In the United States, these macro issues have come under particular focus in recent years with the introduction of the Inflation Reduction Act (IRA) and a government promise to reduce the cost of prescriptions for members of Medicare, the federal health insurance program. Under the new legislation, those enrolled in Medicare prescription drug plans (Part D plans) benefit from cost reductions, including a yearly cap on out-of-pocket costs set at $2,000 in 2025. In addition, Medicare will now be able to directly negotiate with manufacturers over the price of certain high-cost drugs with no generic alternative – a measure that is estimated to generate savings of $6 billion in 2026.[1]
Evidently, this cost has to be carried somewhere, and pharmaceutical companies are bracing themselves for the impact that it is likely to have on a legacy financial model that is based on high upfront research and development (R&D) costs (and also significant ongoing processing costs) being rebalanced over time through commensurate drug pricing strategies. The suggestion is that a weakening of this established dynamic, where financial incentives reward innovation, will trigger a shift in focus among pharmaceutical companies’ R&D efforts, with some clinical trials and programs already being reconsidered.[2]
In the biopharma space, the economics of the industry’s legacy financial model are further amplified by the complexity of the manufacturing requirements involved and the significant R&D costs, which together can potentially run into the billions of dollars. For a number of treatments, this results in a cost per gram that is counted in tens or hundreds of thousands, and, for a select few, a cost of many millions. Take, as an example, Zokinvy, a disease-modifying agent that reduces incidence of mortality and increases average survival time for patients with genetic premature aging diseases. For a patient following a dosing regimen of four 50mg capsules per day, the annual cost of treatment can amount to as much as $1.2 million per year.[3]
In this context, where every gram carries such a significant cost, the spotlight falls on the dosing regimen – the assumption being that the dose has been specified with utmost precision to ensure the amount of drug being used is at the absolute optimal level. Any deviation from this target would have implications not just for efficacy and patient safety, but also for the affordability of the treatment and the cost to the manufacturer since these factors are driven in part by the volume of drug required. And at a time when around 40% of biopharmaceutical companies expect the cost of goods sold (reflected as a percentage of revenue) to increase over the next three to five years, it is clear, therefore, that greater emphasis must be placed on conserving costly drug products through a combination of highly efficient manufacturing processes and highly precise dosing strategies.
In the case of dosing strategies, efficiencies can be achieved both by adjusting the dose regimen down or by reducing the dosage form itself. The fact that either option is possible plays into an uncomfortable truth about the industry’s current approach to determining dosing during clinical trials, where poor adherence – and poor monitoring of adherence – frequently results in the establishment of higher-than-necessary dosing regimens. While this ‘overdosing’ is not at a level where the risk of adverse events is at an unsafe level, the reality is that many drug regimens could be optimised through a reduction in the level of prescribed API.

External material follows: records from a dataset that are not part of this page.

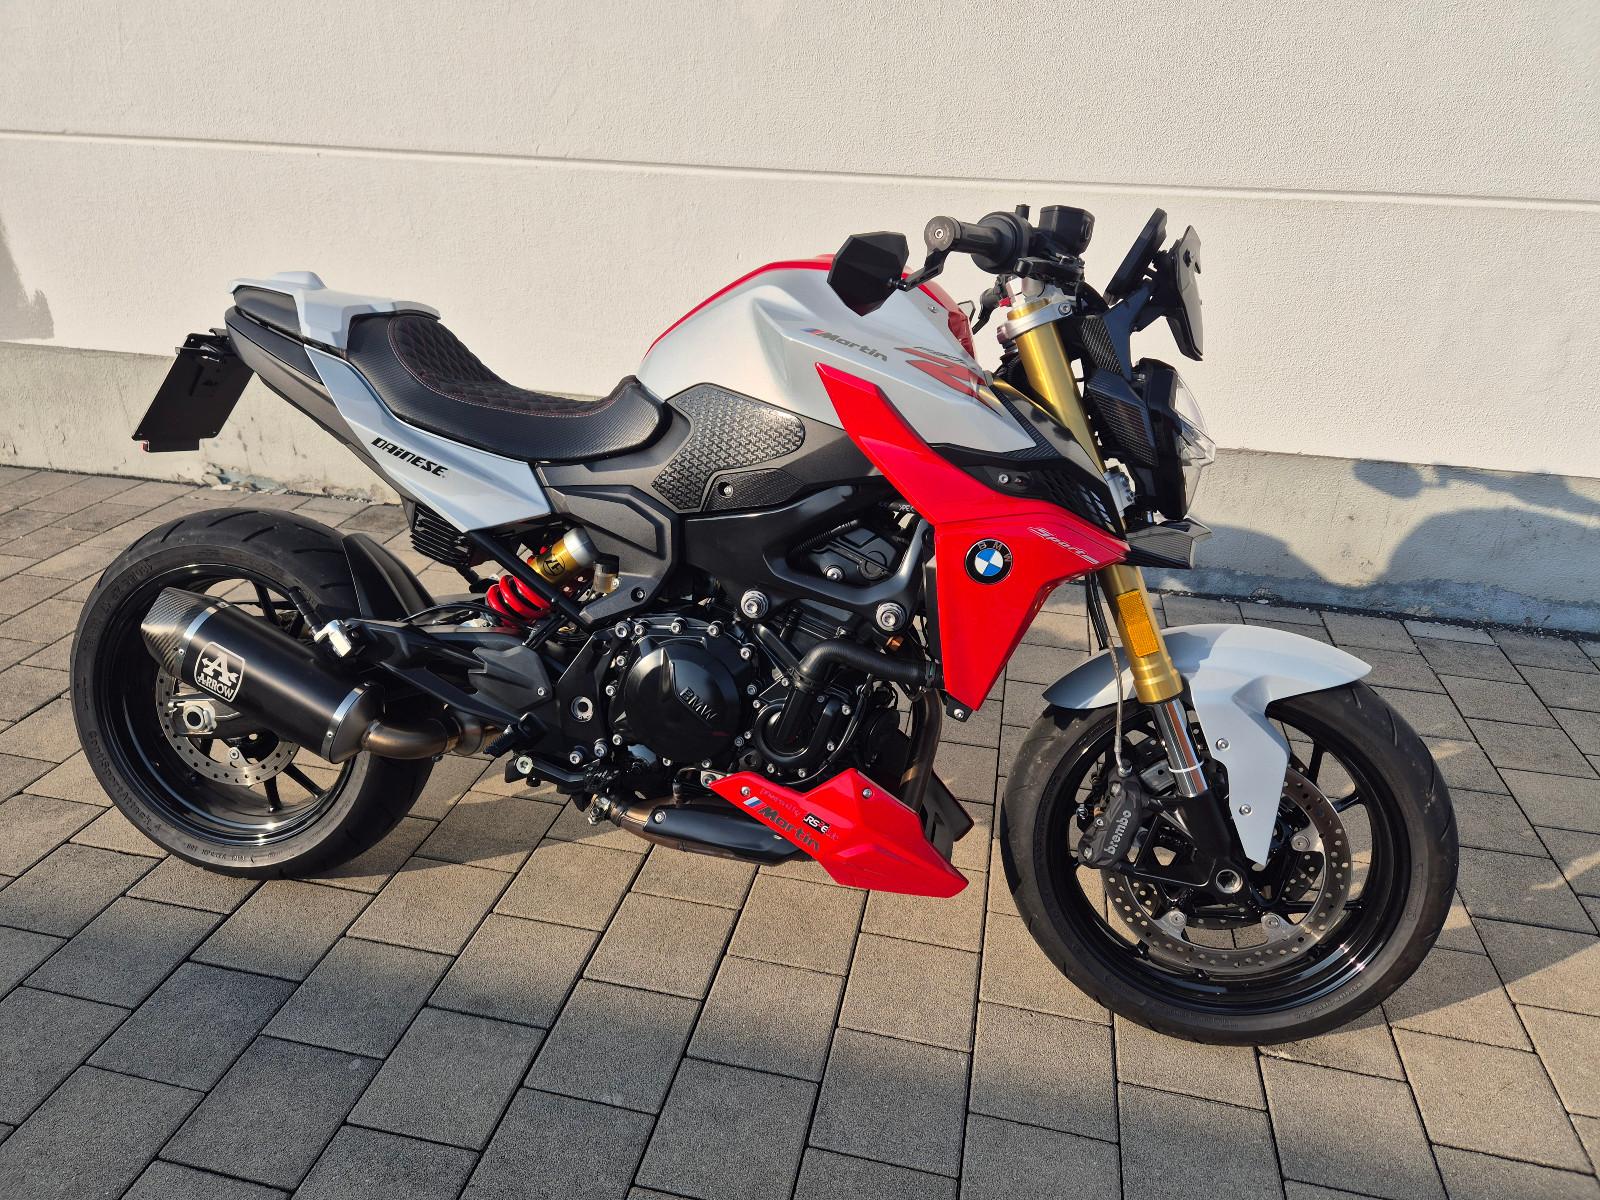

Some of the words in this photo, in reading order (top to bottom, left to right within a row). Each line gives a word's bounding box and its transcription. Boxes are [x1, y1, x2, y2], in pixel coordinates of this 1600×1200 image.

[816, 332, 888, 363] Martin
[371, 437, 448, 477] DAINESE
[197, 673, 235, 699] ARROW
[680, 686, 718, 720] BMW
[757, 806, 820, 852] Martin
[1104, 810, 1131, 855] brembo

Getting to the absolute truth of a ‘perfect’ dose is a technically complex equation that relies on a sufficiently sophisticated set of data. Eliciting this data, in turn, relies on employing reliably precise tools such as digital monitoring within the clinical trials process to ensure there is a fully traceable pathway between prescribed dose, drug exposure, and effect; one that eliminates unknowns and provides a far more robust platform to guide informed decision-making.
To date, there has been a trust in, and reliance on, more traditional methods such as pill count to arrive at these vital conclusions. But with advances in technology, there is now far greater potential to adopt a more detailed, traceable and data-rich approach to assess drug exposure, and to eliminate the uncertainties that are inherent in legacy approaches to measuring adherence in clinical trials.
For an industry facing financially uncertain times, where the foundations of its legacy economic model are being eroded, the key question is whether it can afford not to pursue more innovative techniques within trials and to arrive at more precise dosing strategies for next-generation, high-value therapies. After all, when change is afoot, it is those who adapt best who stand to prosper the most.